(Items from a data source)
━━━━━━━━━━

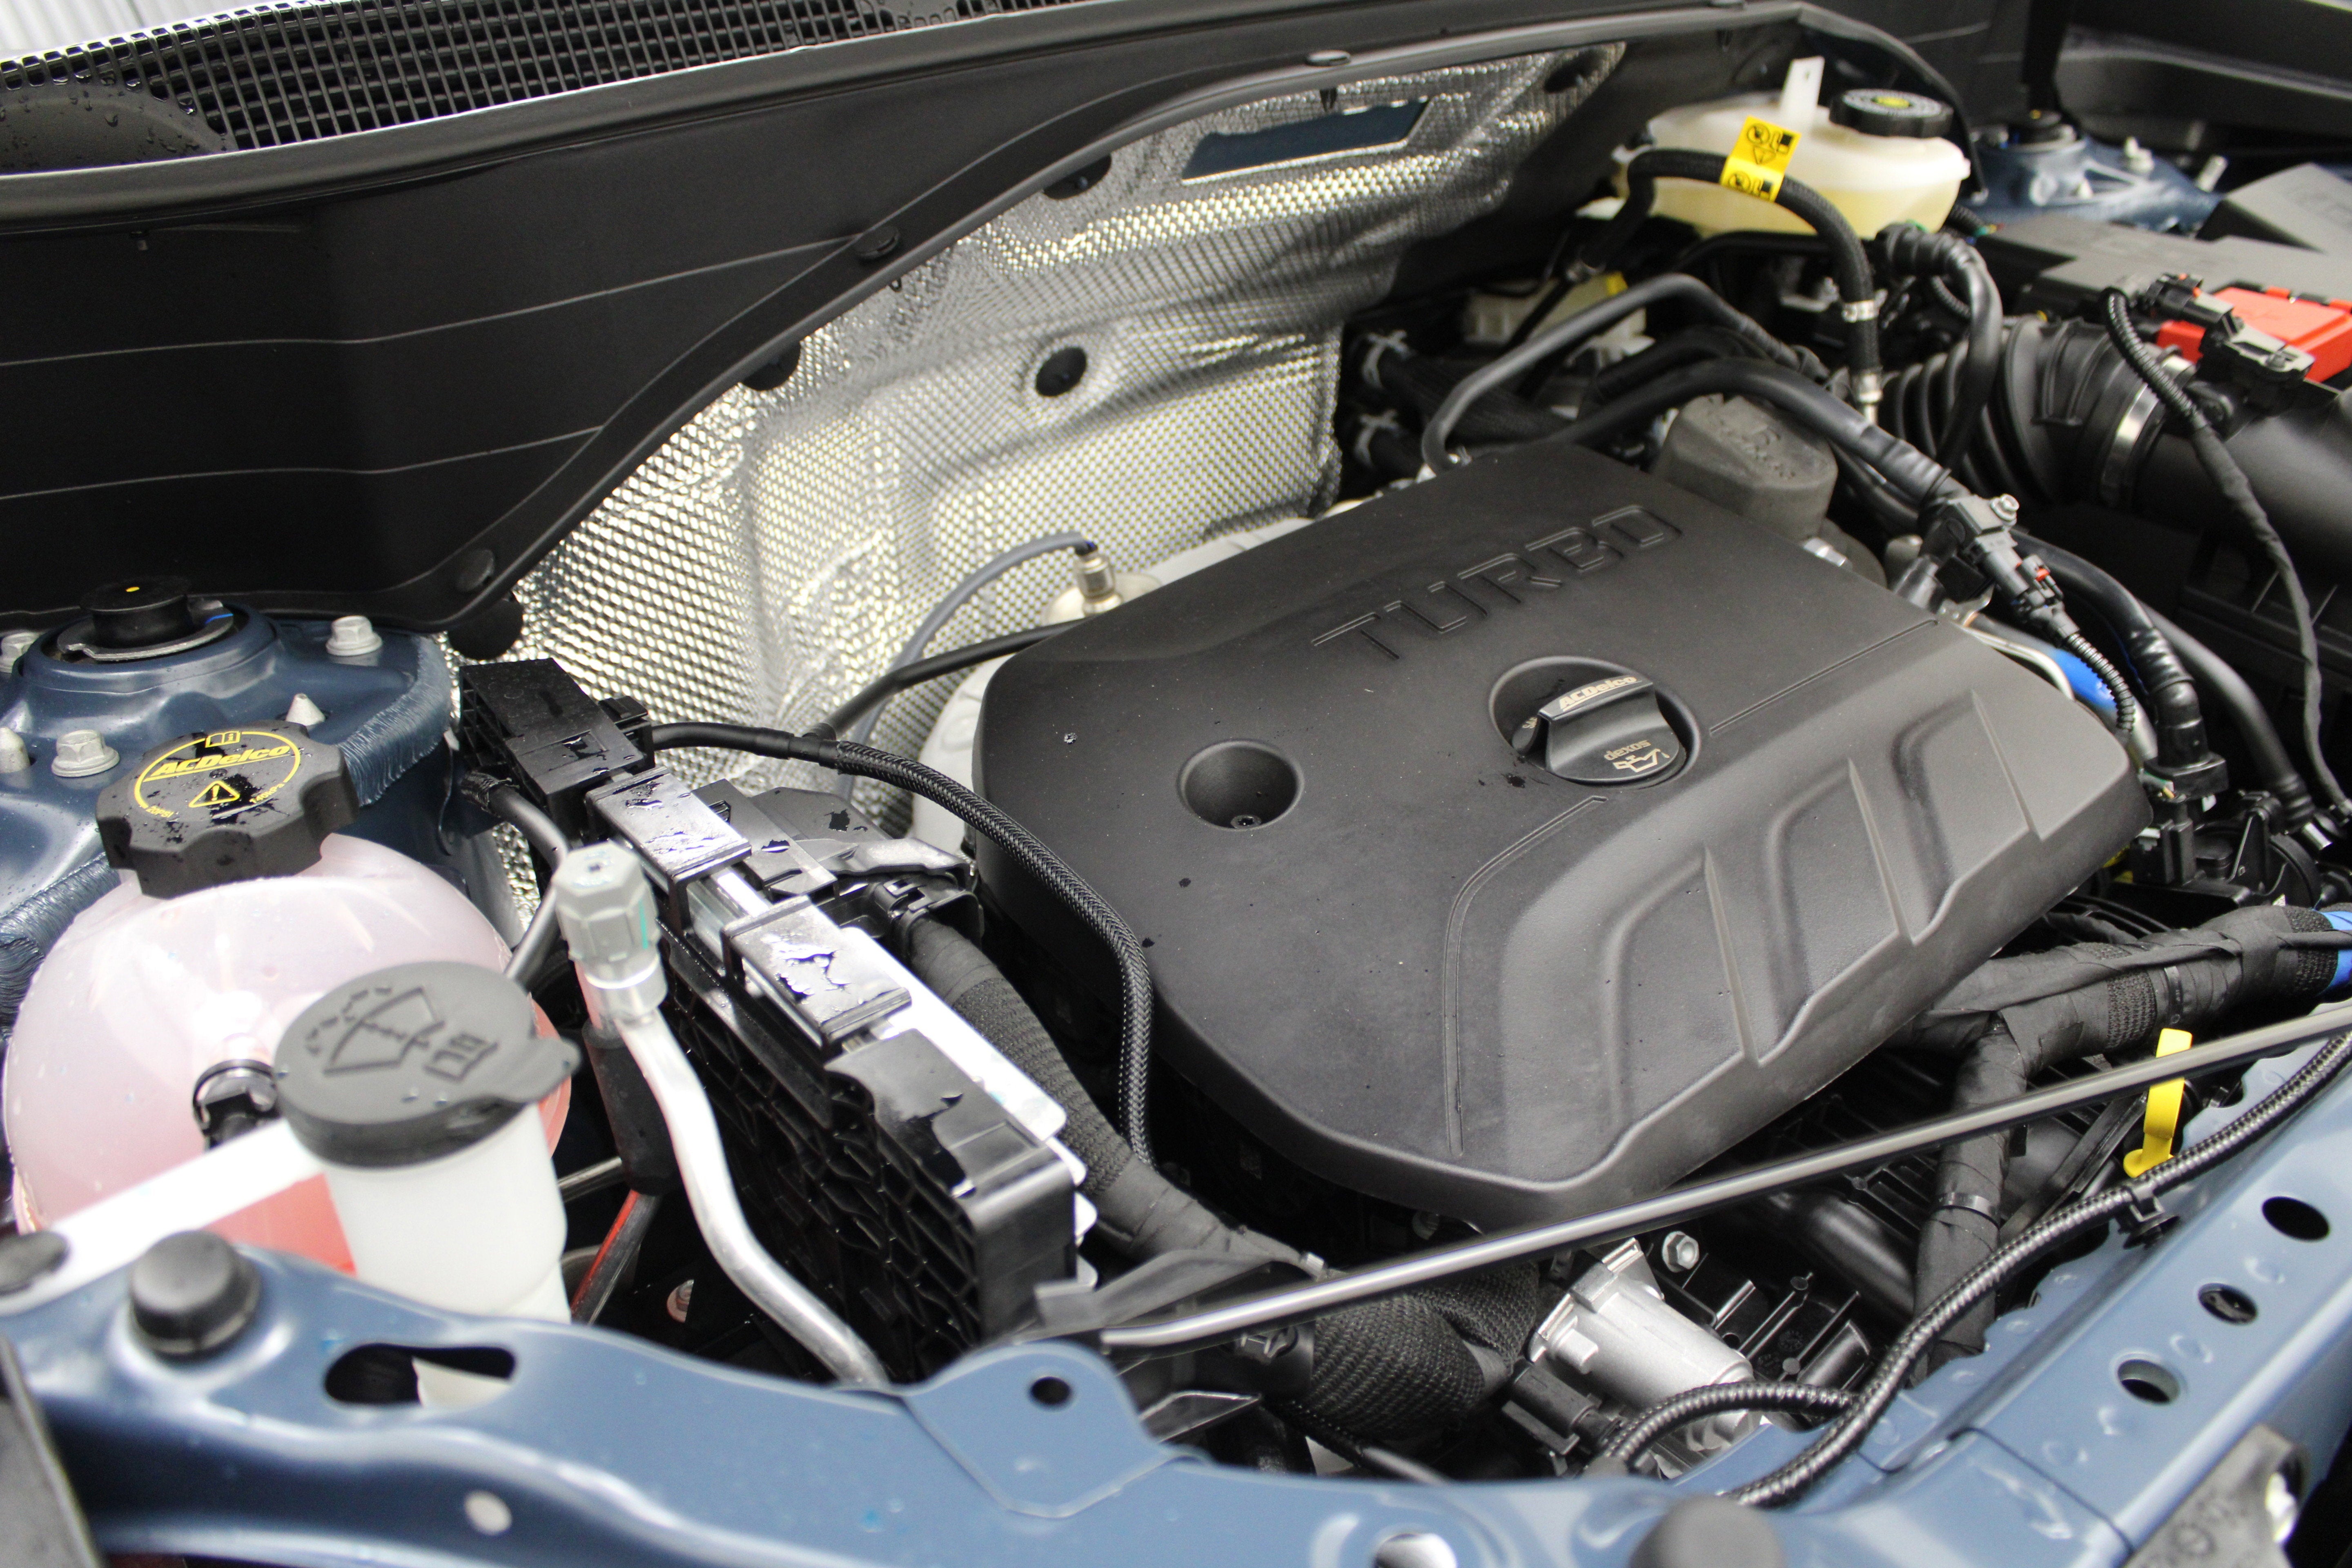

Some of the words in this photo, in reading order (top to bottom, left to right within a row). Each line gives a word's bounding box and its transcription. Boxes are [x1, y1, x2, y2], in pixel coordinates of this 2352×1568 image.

[1311, 505, 1682, 659] TURBO
[1559, 676, 1637, 710] ACDelco
[151, 746, 290, 777] ACDelco
[1604, 740, 1651, 760] dexos
[146, 805, 174, 818] 20PSI
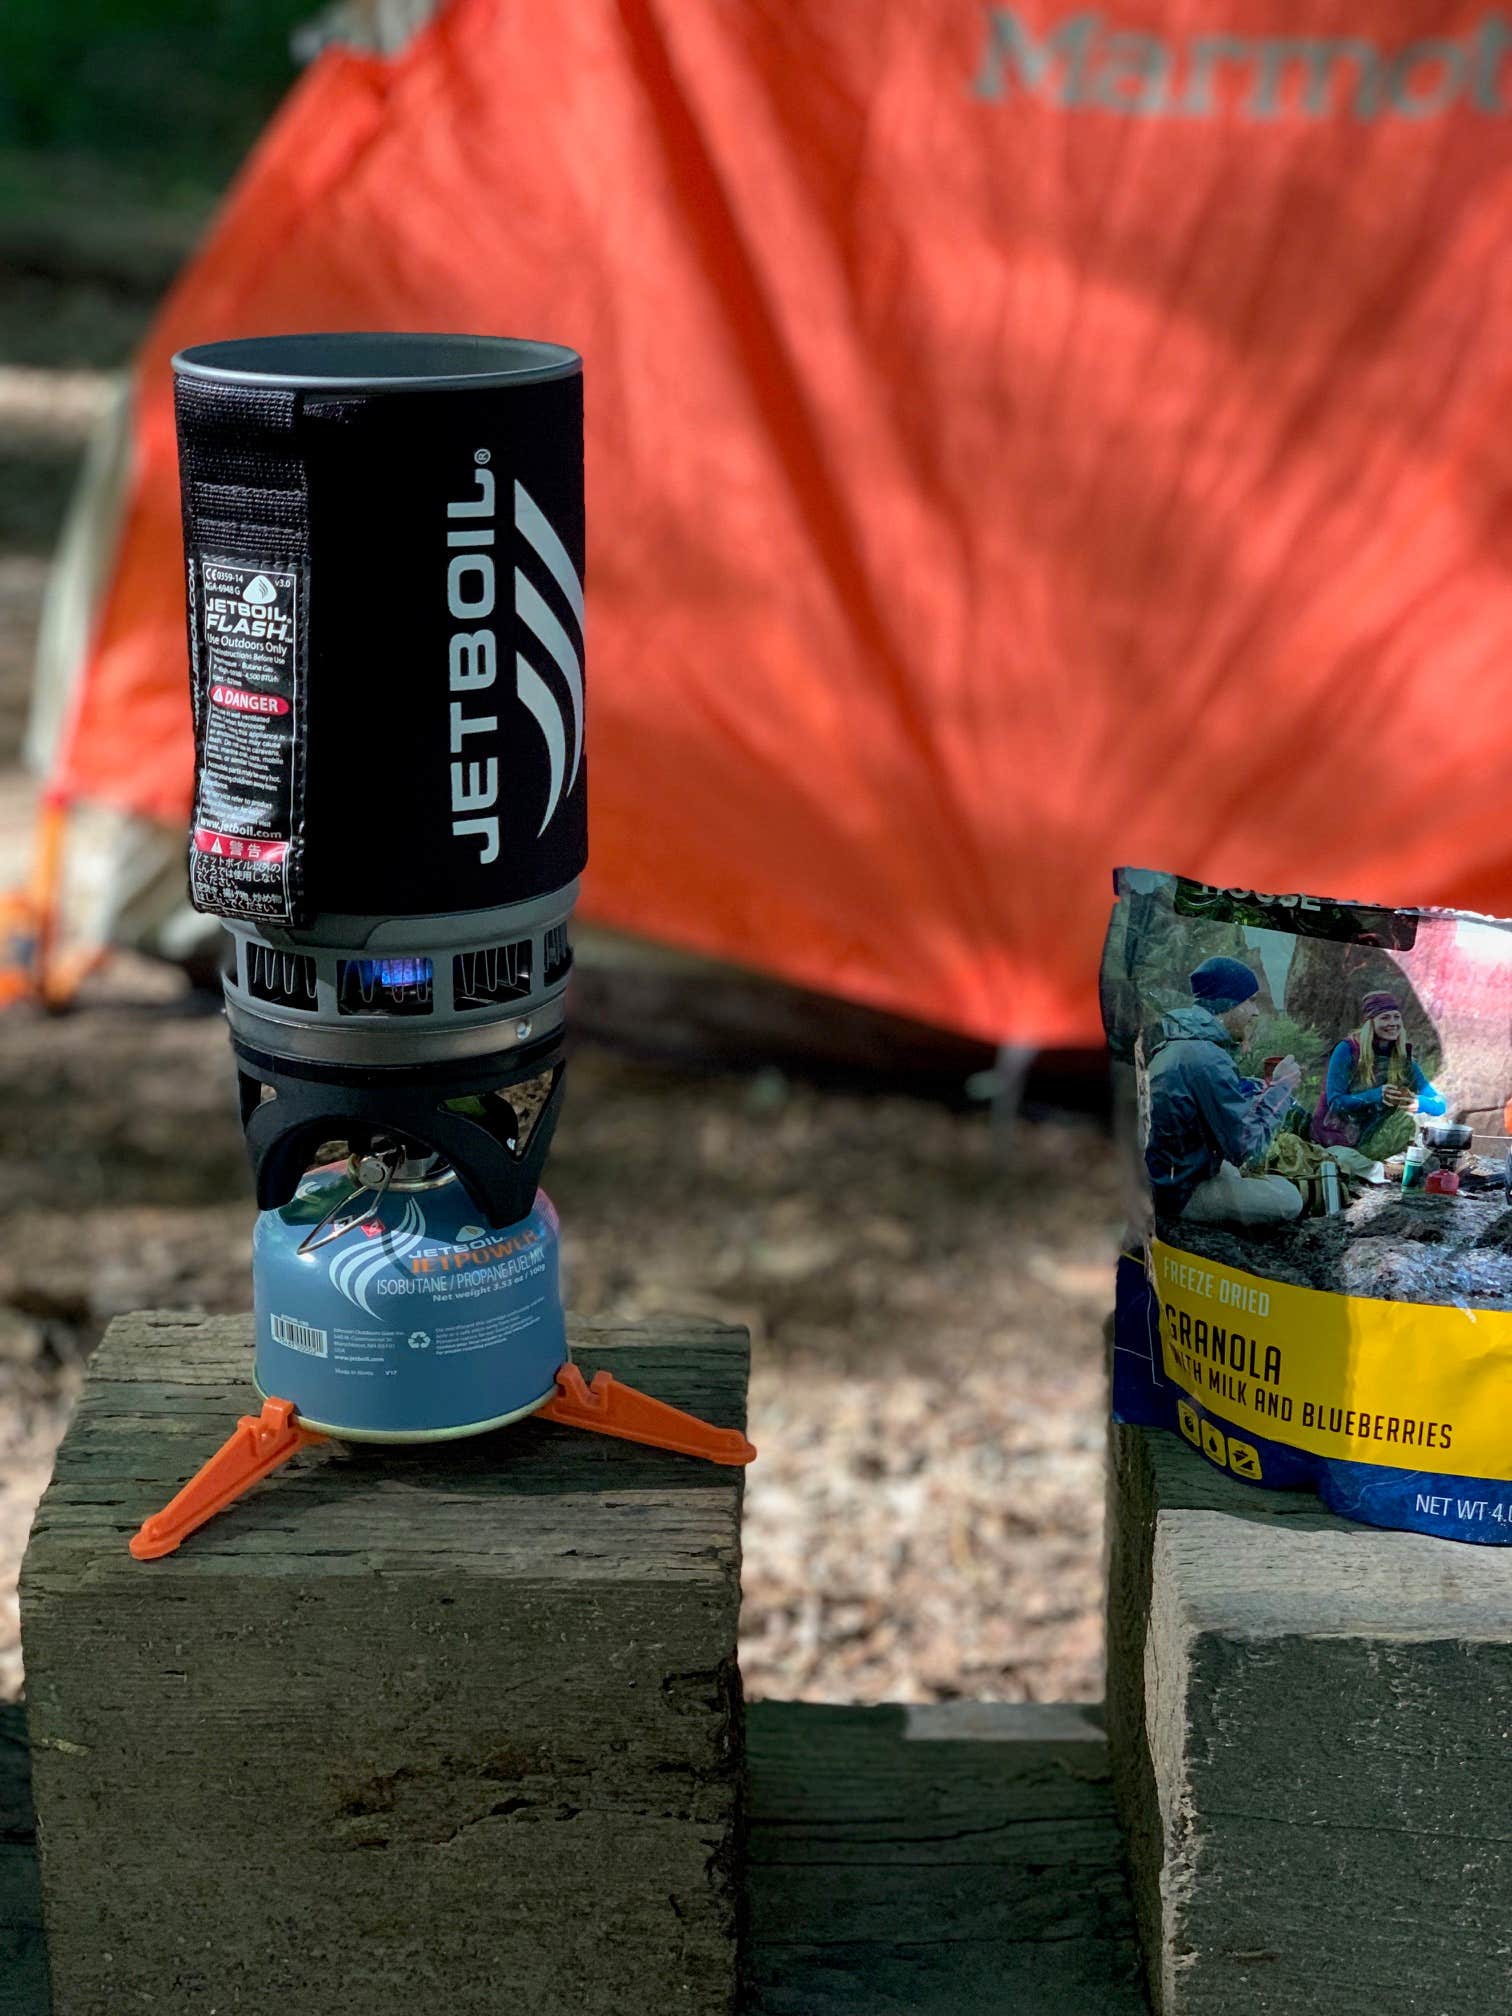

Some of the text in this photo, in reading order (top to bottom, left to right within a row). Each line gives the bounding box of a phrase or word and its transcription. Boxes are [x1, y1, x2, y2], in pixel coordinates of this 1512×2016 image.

[275, 579, 291, 588] v3.0
[221, 636, 264, 651] Outdoors
[266, 642, 287, 657] Only
[274, 656, 285, 665] Use
[225, 690, 278, 712] DANGER
[200, 817, 282, 838] www.jetboil.com
[409, 1235, 504, 1258] JETBOIL
[377, 1276, 447, 1295] ISOBUTANE
[457, 1264, 507, 1289] PROPANE
[507, 1256, 531, 1277] FUEL
[433, 1293, 452, 1302] Net
[455, 1286, 491, 1300] weight
[1163, 1256, 1270, 1318] FREEZE DRIED
[1165, 1304, 1282, 1386] GRANOLA
[1169, 1343, 1454, 1450] WITH MILK AND BLUEBERRIES
[1415, 1493, 1454, 1517] NET
[1457, 1499, 1489, 1521] WT

━━━━━━━━━━

Your copy should be the entries retyped exactly, with no images in it.

* **RESULT OF THIS TASK**:
Some of the words in this photo, in reading order (top to bottom, left to right within a row). Each line gives a word's bounding box and its transcription. Boxes are [x1, y1, x2, y2], in pixel coordinates of this 2352×1568 image.

[1311, 505, 1682, 659] TURBO
[1559, 676, 1637, 710] ACDelco
[151, 746, 290, 777] ACDelco
[1604, 740, 1651, 760] dexos
[146, 805, 174, 818] 20PSI

Some of the text in this photo, in reading order (top to bottom, left to right within a row). Each line gives the bounding box of a phrase or word and its transcription. Boxes are [x1, y1, x2, y2], in pixel coordinates of this 1512×2016 image.

[275, 579, 291, 588] v3.0
[221, 636, 264, 651] Outdoors
[266, 642, 287, 657] Only
[274, 656, 285, 665] Use
[225, 690, 278, 712] DANGER
[200, 817, 282, 838] www.jetboil.com
[409, 1235, 504, 1258] JETBOIL
[377, 1276, 447, 1295] ISOBUTANE
[457, 1264, 507, 1289] PROPANE
[507, 1256, 531, 1277] FUEL
[433, 1293, 452, 1302] Net
[455, 1286, 491, 1300] weight
[1163, 1256, 1270, 1318] FREEZE DRIED
[1165, 1304, 1282, 1386] GRANOLA
[1169, 1343, 1454, 1450] WITH MILK AND BLUEBERRIES
[1415, 1493, 1454, 1517] NET
[1457, 1499, 1489, 1521] WT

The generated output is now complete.